▶ [BRIEF]:
Pictures do not belong in the copy; restate the records below word for word.

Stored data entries
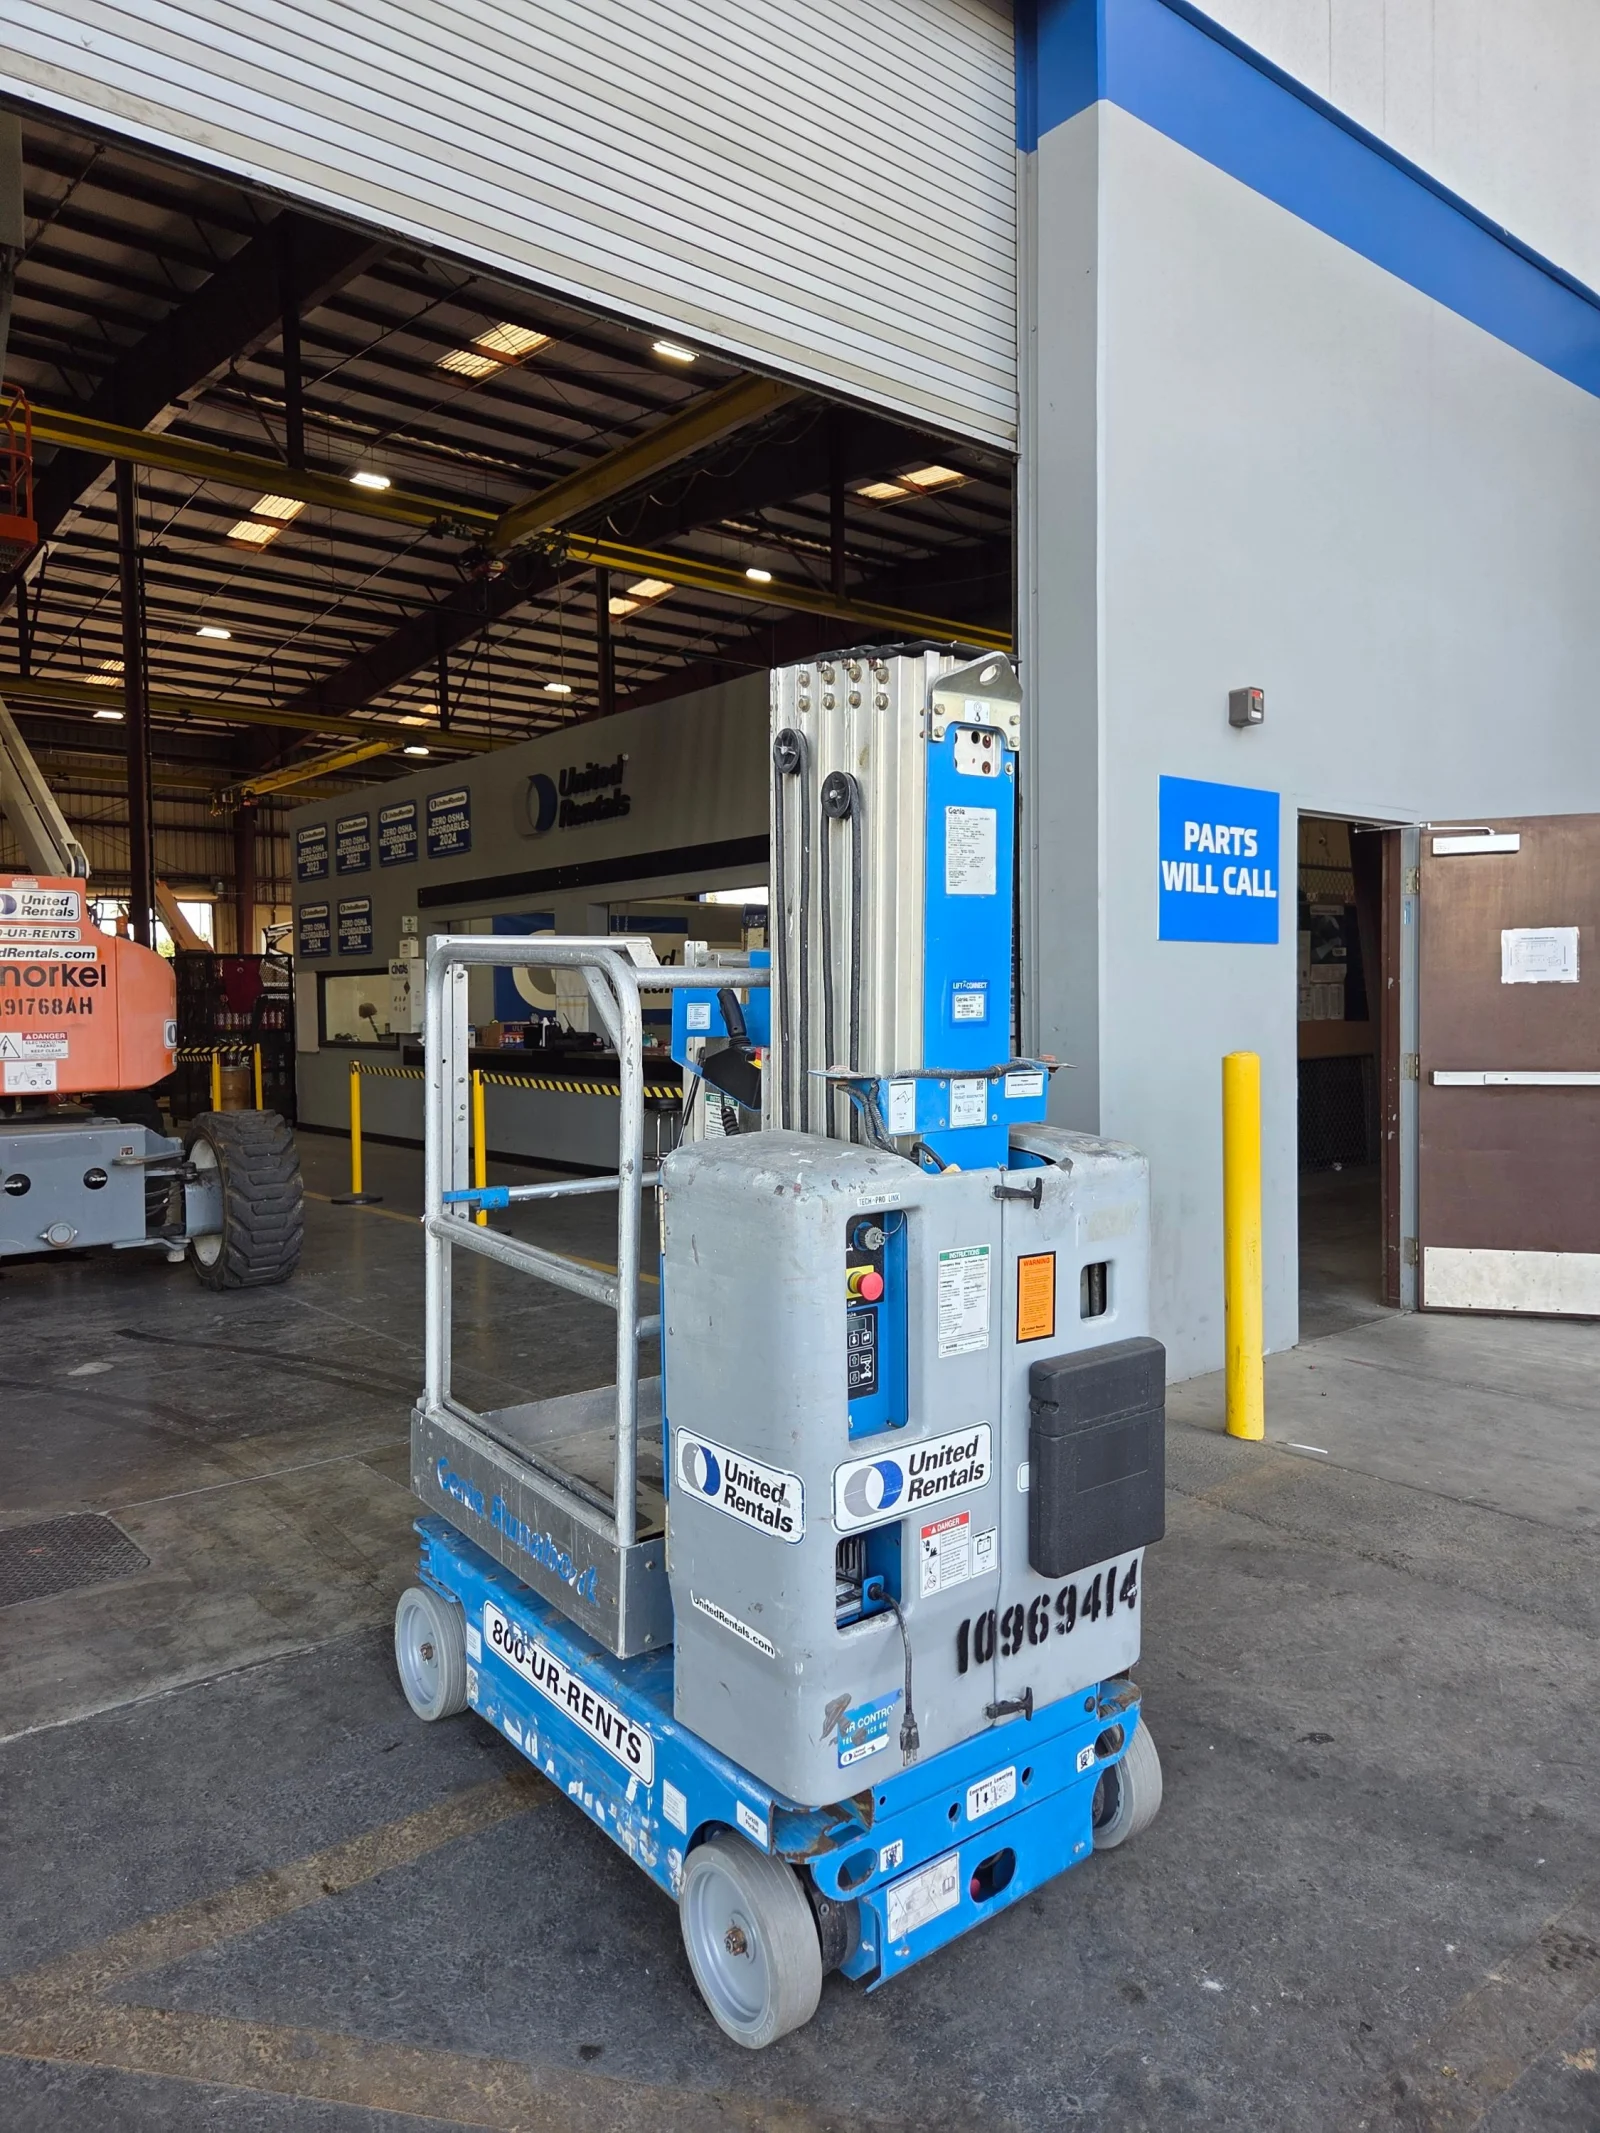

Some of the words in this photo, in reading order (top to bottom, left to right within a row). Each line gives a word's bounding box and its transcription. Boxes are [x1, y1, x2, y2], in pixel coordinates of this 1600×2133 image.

[559, 754, 624, 797] United
[559, 788, 631, 828] Rentals
[948, 807, 966, 816] Genie
[428, 820, 470, 836] RECORDABLES
[431, 816, 446, 827] ZERO
[447, 812, 465, 823] OSHA
[440, 832, 457, 846] 2024
[1184, 821, 1258, 857] PARTS
[1161, 860, 1219, 894] WILL
[1223, 866, 1277, 898] CALL
[21, 895, 70, 906] United
[21, 906, 75, 917] Rentals
[0, 929, 76, 939] -UR-RENTS
[33, 1033, 66, 1041] DANGER
[888, 1194, 900, 1203] LINK
[949, 1249, 980, 1259] INSTRUCTIONS
[1023, 1258, 1050, 1267] WARNING
[908, 1434, 979, 1476] United
[724, 1459, 786, 1504] United
[908, 1460, 984, 1502] Rentals
[724, 1483, 794, 1533] Rentals
[937, 1518, 960, 1532] DANGER
[957, 1558, 1138, 1674] 10969414
[492, 1619, 642, 1764] 800-UR-RENTS
[858, 1704, 895, 1728] CONTRO
[969, 1781, 992, 1796] Emergency
[994, 1771, 1013, 1783] Lowering

▶ [ANSWER SECTION]:
Some of the words in this photo, in reading order (top to bottom, left to right within a row). Each line gives a word's bounding box and its transcription. Boxes are [x1, y1, x2, y2], in pixel coordinates of this 1600×2133 image.

[559, 754, 624, 797] United
[559, 788, 631, 828] Rentals
[948, 807, 966, 816] Genie
[428, 820, 470, 836] RECORDABLES
[431, 816, 446, 827] ZERO
[447, 812, 465, 823] OSHA
[440, 832, 457, 846] 2024
[1184, 821, 1258, 857] PARTS
[1161, 860, 1219, 894] WILL
[1223, 866, 1277, 898] CALL
[21, 895, 70, 906] United
[21, 906, 75, 917] Rentals
[0, 929, 76, 939] -UR-RENTS
[33, 1033, 66, 1041] DANGER
[888, 1194, 900, 1203] LINK
[949, 1249, 980, 1259] INSTRUCTIONS
[1023, 1258, 1050, 1267] WARNING
[908, 1434, 979, 1476] United
[724, 1459, 786, 1504] United
[908, 1460, 984, 1502] Rentals
[724, 1483, 794, 1533] Rentals
[937, 1518, 960, 1532] DANGER
[957, 1558, 1138, 1674] 10969414
[492, 1619, 642, 1764] 800-UR-RENTS
[858, 1704, 895, 1728] CONTRO
[969, 1781, 992, 1796] Emergency
[994, 1771, 1013, 1783] Lowering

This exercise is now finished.